EXERCISE BRIEF: Images in the data are to be skipped, while every line is restated exactly as written.

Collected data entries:
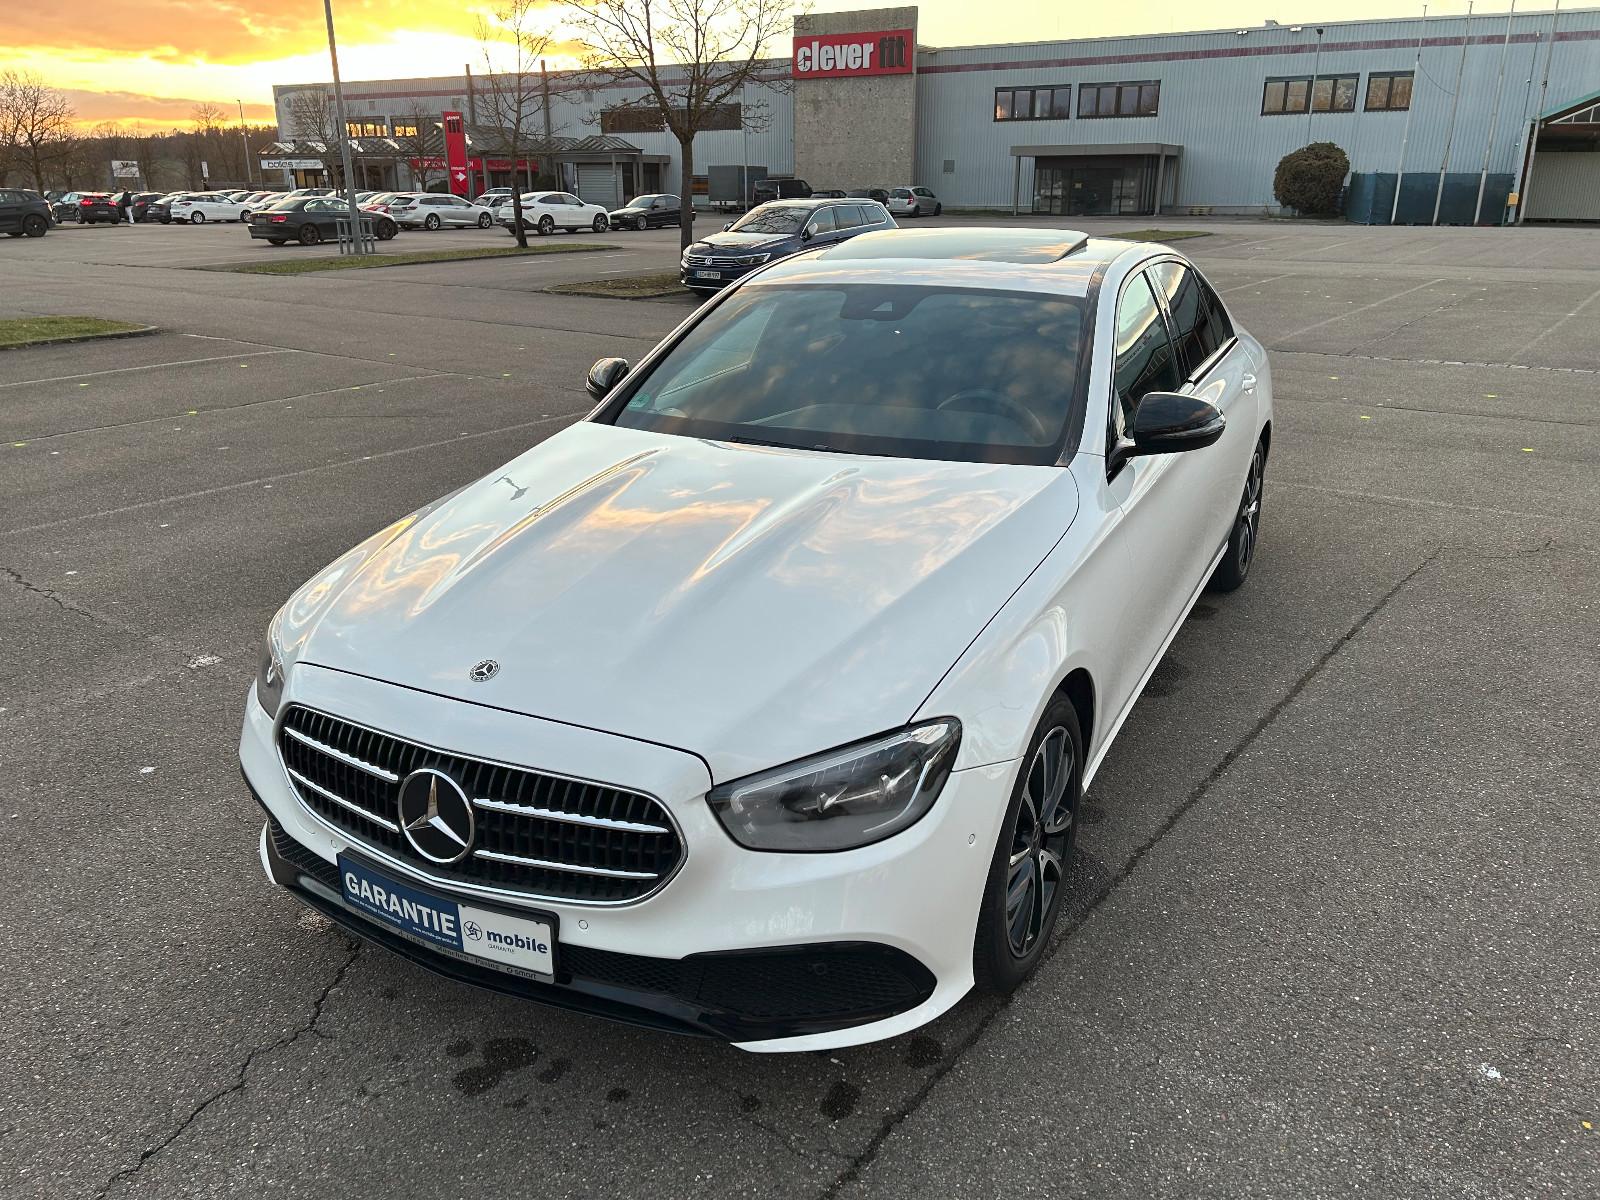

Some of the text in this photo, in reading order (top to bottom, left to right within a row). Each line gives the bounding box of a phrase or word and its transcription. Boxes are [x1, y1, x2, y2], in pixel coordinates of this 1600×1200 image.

[797, 41, 874, 72] clever
[345, 871, 457, 938] GARANTIE
[486, 930, 549, 954] mobile
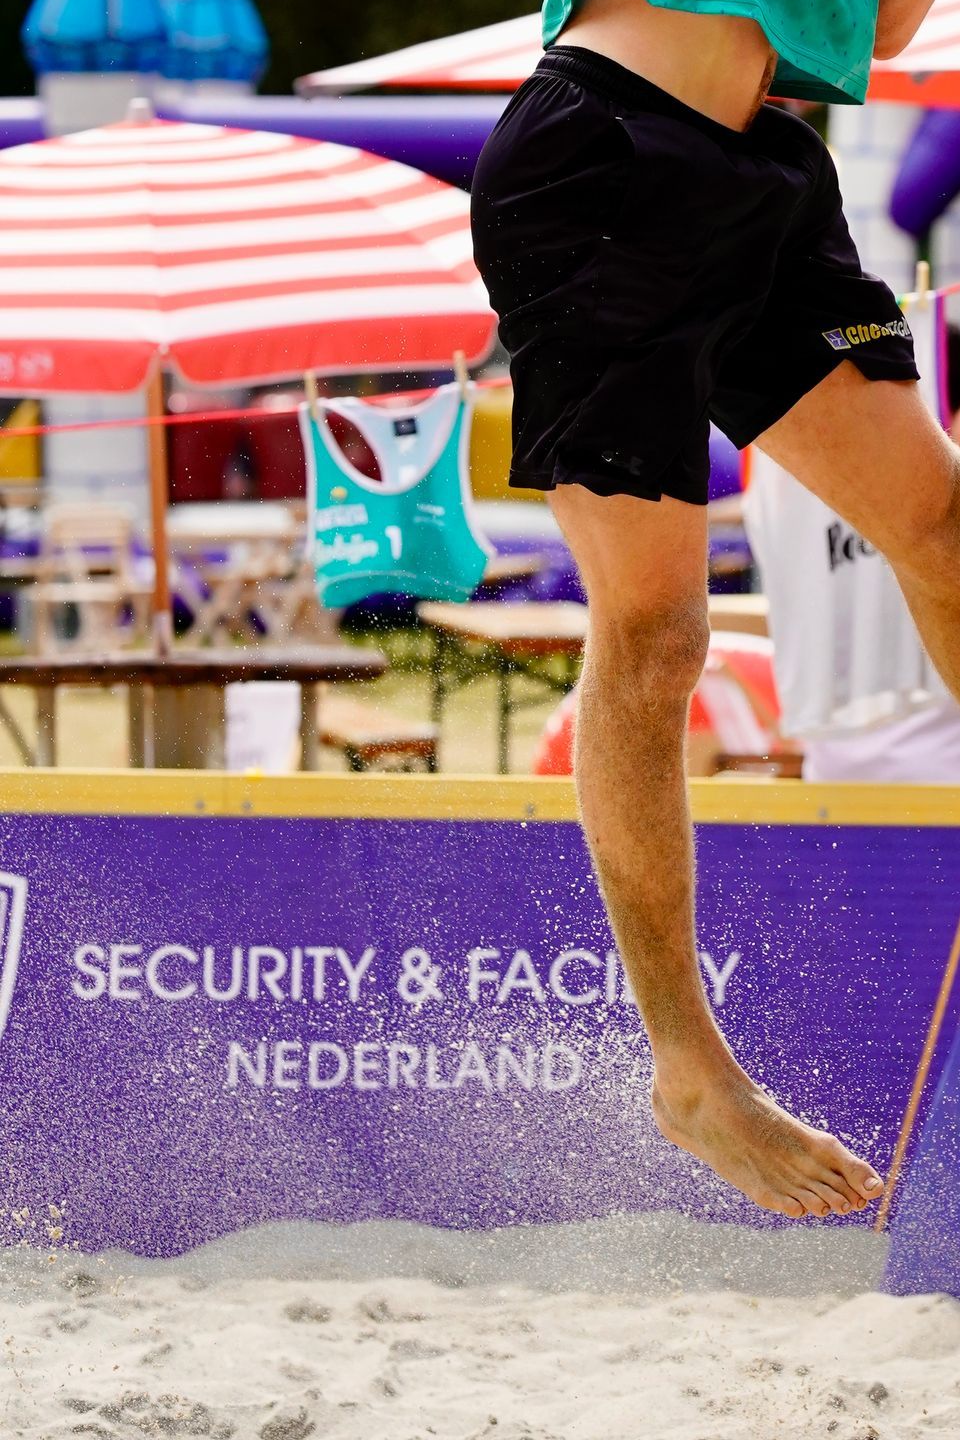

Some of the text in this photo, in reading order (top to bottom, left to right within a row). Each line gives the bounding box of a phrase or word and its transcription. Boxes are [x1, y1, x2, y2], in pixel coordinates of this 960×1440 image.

[71, 943, 741, 1007] SECURITY & FACIY
[225, 1040, 582, 1091] NEDERLAND
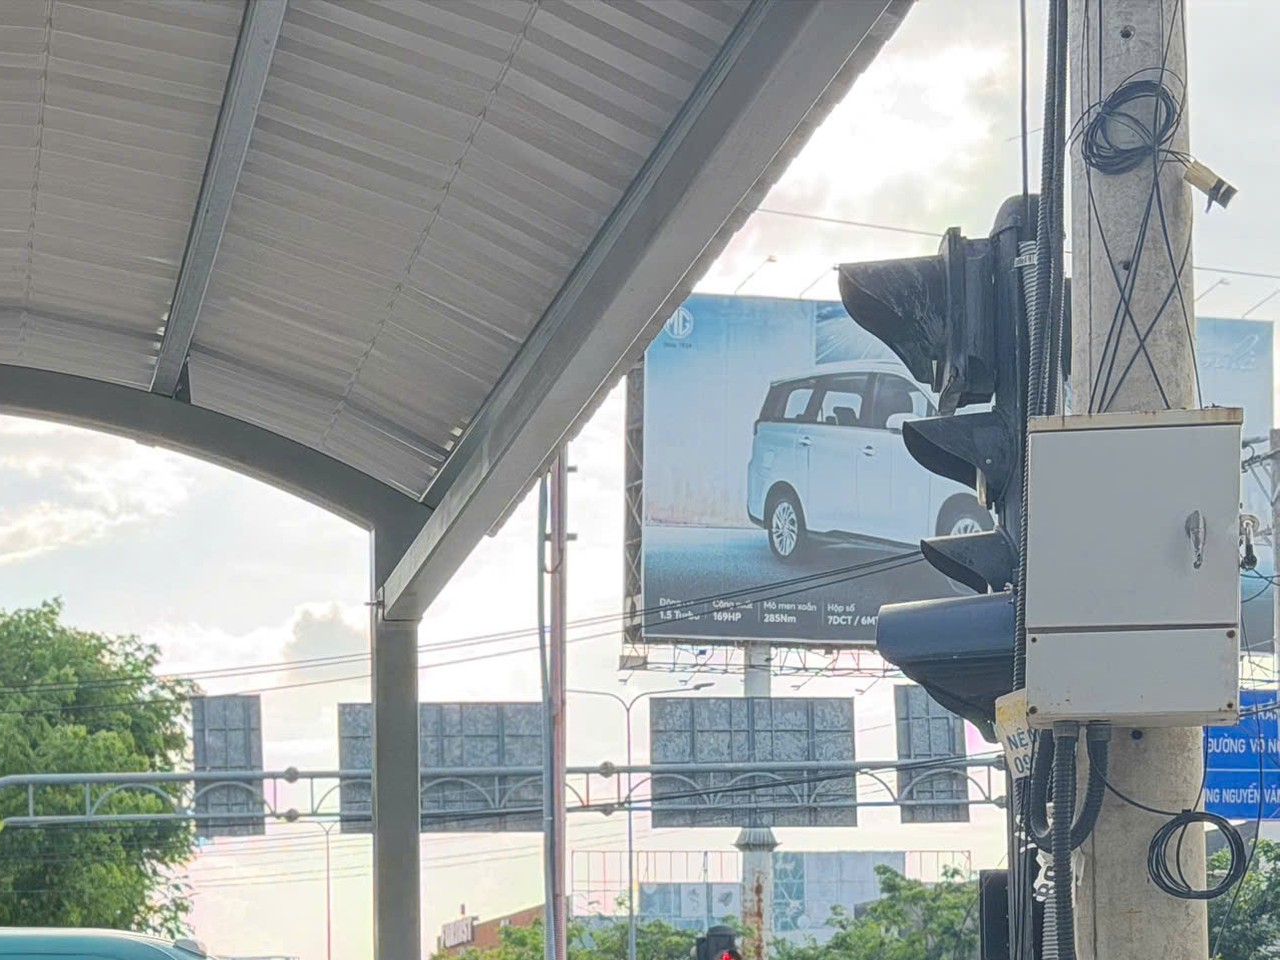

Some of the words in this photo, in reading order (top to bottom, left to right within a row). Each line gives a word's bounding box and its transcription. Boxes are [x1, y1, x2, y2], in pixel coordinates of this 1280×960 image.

[660, 610, 672, 620] 1.5
[713, 611, 742, 621] 169HP
[763, 613, 797, 623] 285Nm
[827, 615, 853, 625] 7DCT
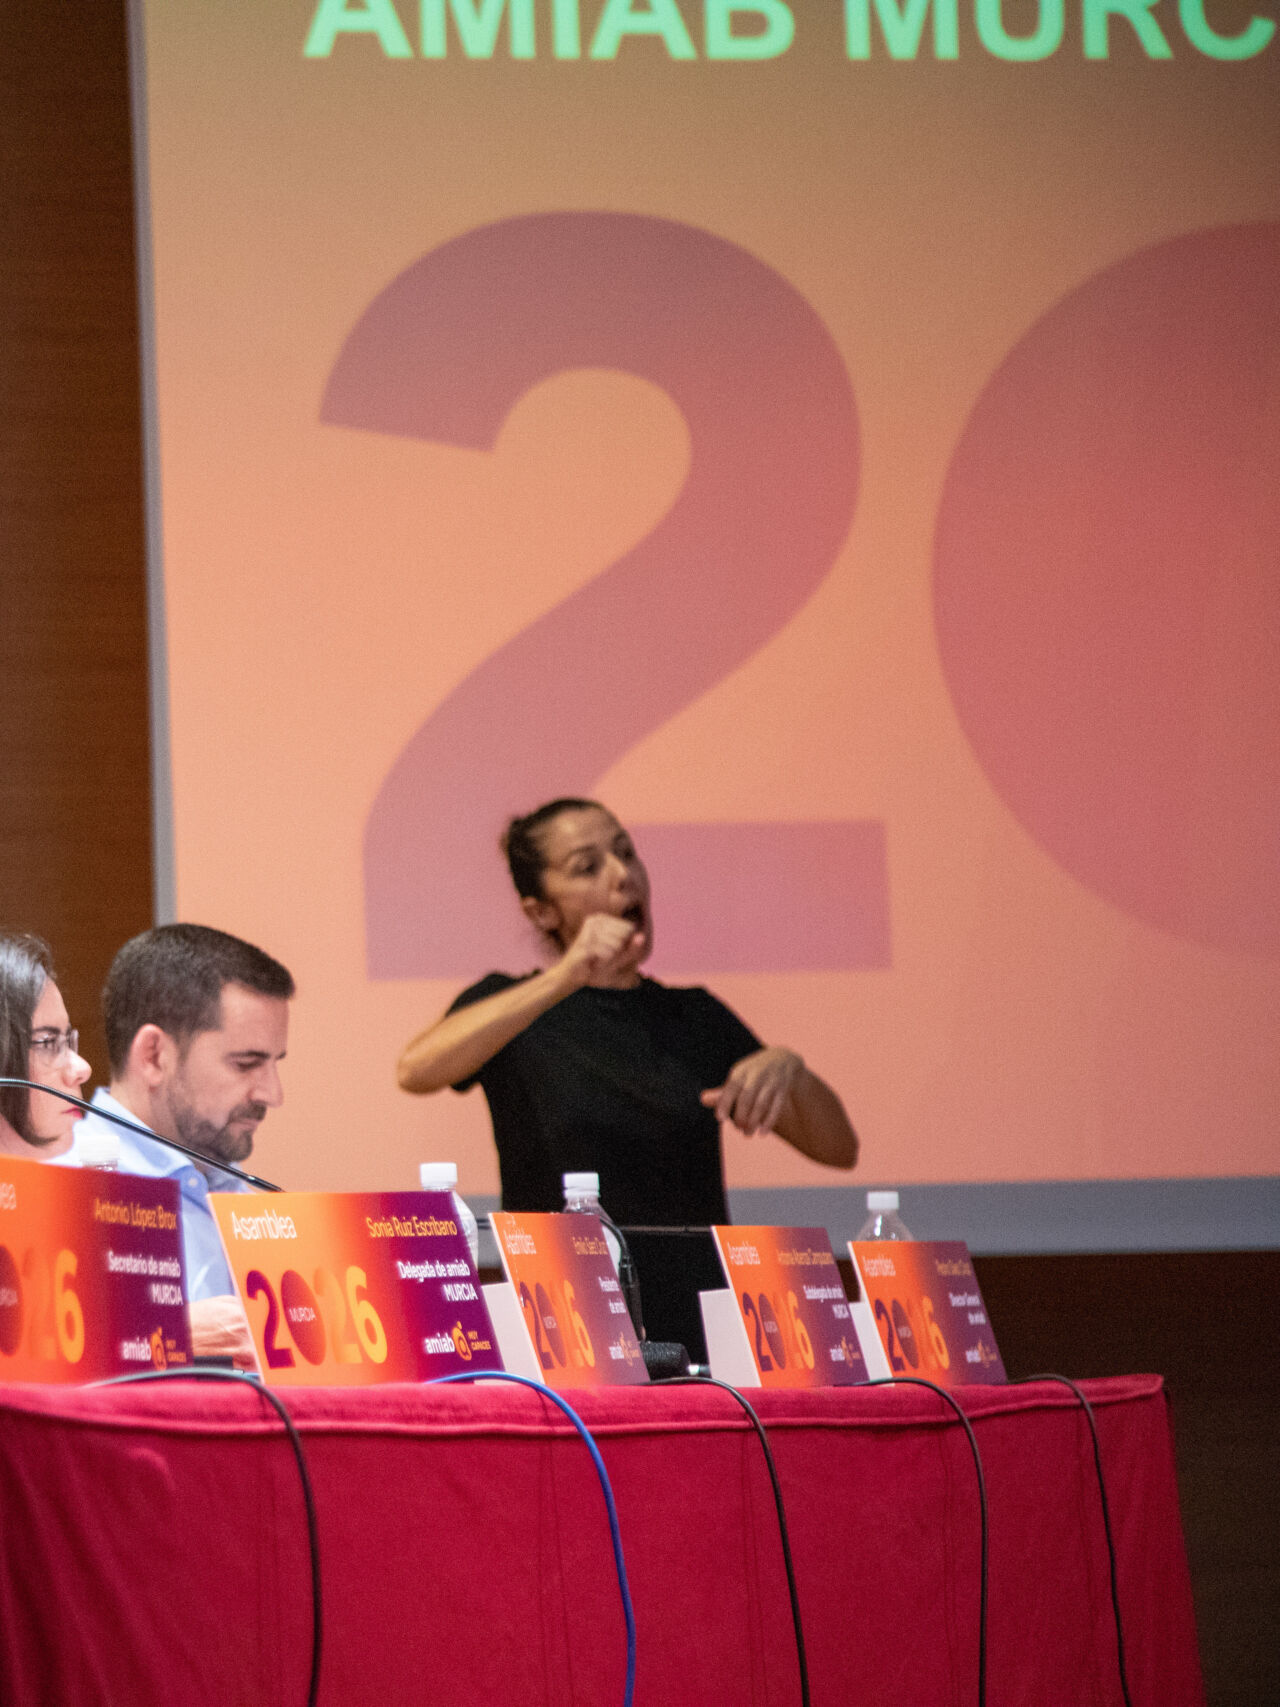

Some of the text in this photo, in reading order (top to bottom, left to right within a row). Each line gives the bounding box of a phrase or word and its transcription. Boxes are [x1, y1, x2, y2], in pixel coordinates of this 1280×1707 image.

RESPONSE TO THIS TASK:
Some of the text in this photo, in reading order (top to bottom, left to right within a row). Each line gives the bounding box of a phrase or word and its transcription. Boxes are [x1, y1, x2, y2], in pixel coordinates of this 1600×1200 image.

[797, 41, 874, 72] clever
[345, 871, 457, 938] GARANTIE
[486, 930, 549, 954] mobile

Some of the text in this photo, in reading order (top to bottom, left to right within a row). Each line gives the bounding box of a phrase or word and its transcription. Boxes are [x1, y1, x2, y2], in pixel coordinates of this 960×1440 image.

[71, 943, 741, 1007] SECURITY & FACIY
[225, 1040, 582, 1091] NEDERLAND

Some of the words in this photo, in reading order (top to bottom, left to right within a row). Each line gives a word's bounding box and its transcription. Boxes are [x1, y1, x2, y2], in pixel coordinates of this 1280×960 image.

[660, 610, 672, 620] 1.5
[713, 611, 742, 621] 169HP
[763, 613, 797, 623] 285Nm
[827, 615, 853, 625] 7DCT

Some of the text in this photo, in reading order (top to bottom, left to right within a row). Each line gives the bounding box of a phrase or word and its transcription. Boxes are [x1, y1, x2, y2], in pixel coordinates of this 1280×1707 image.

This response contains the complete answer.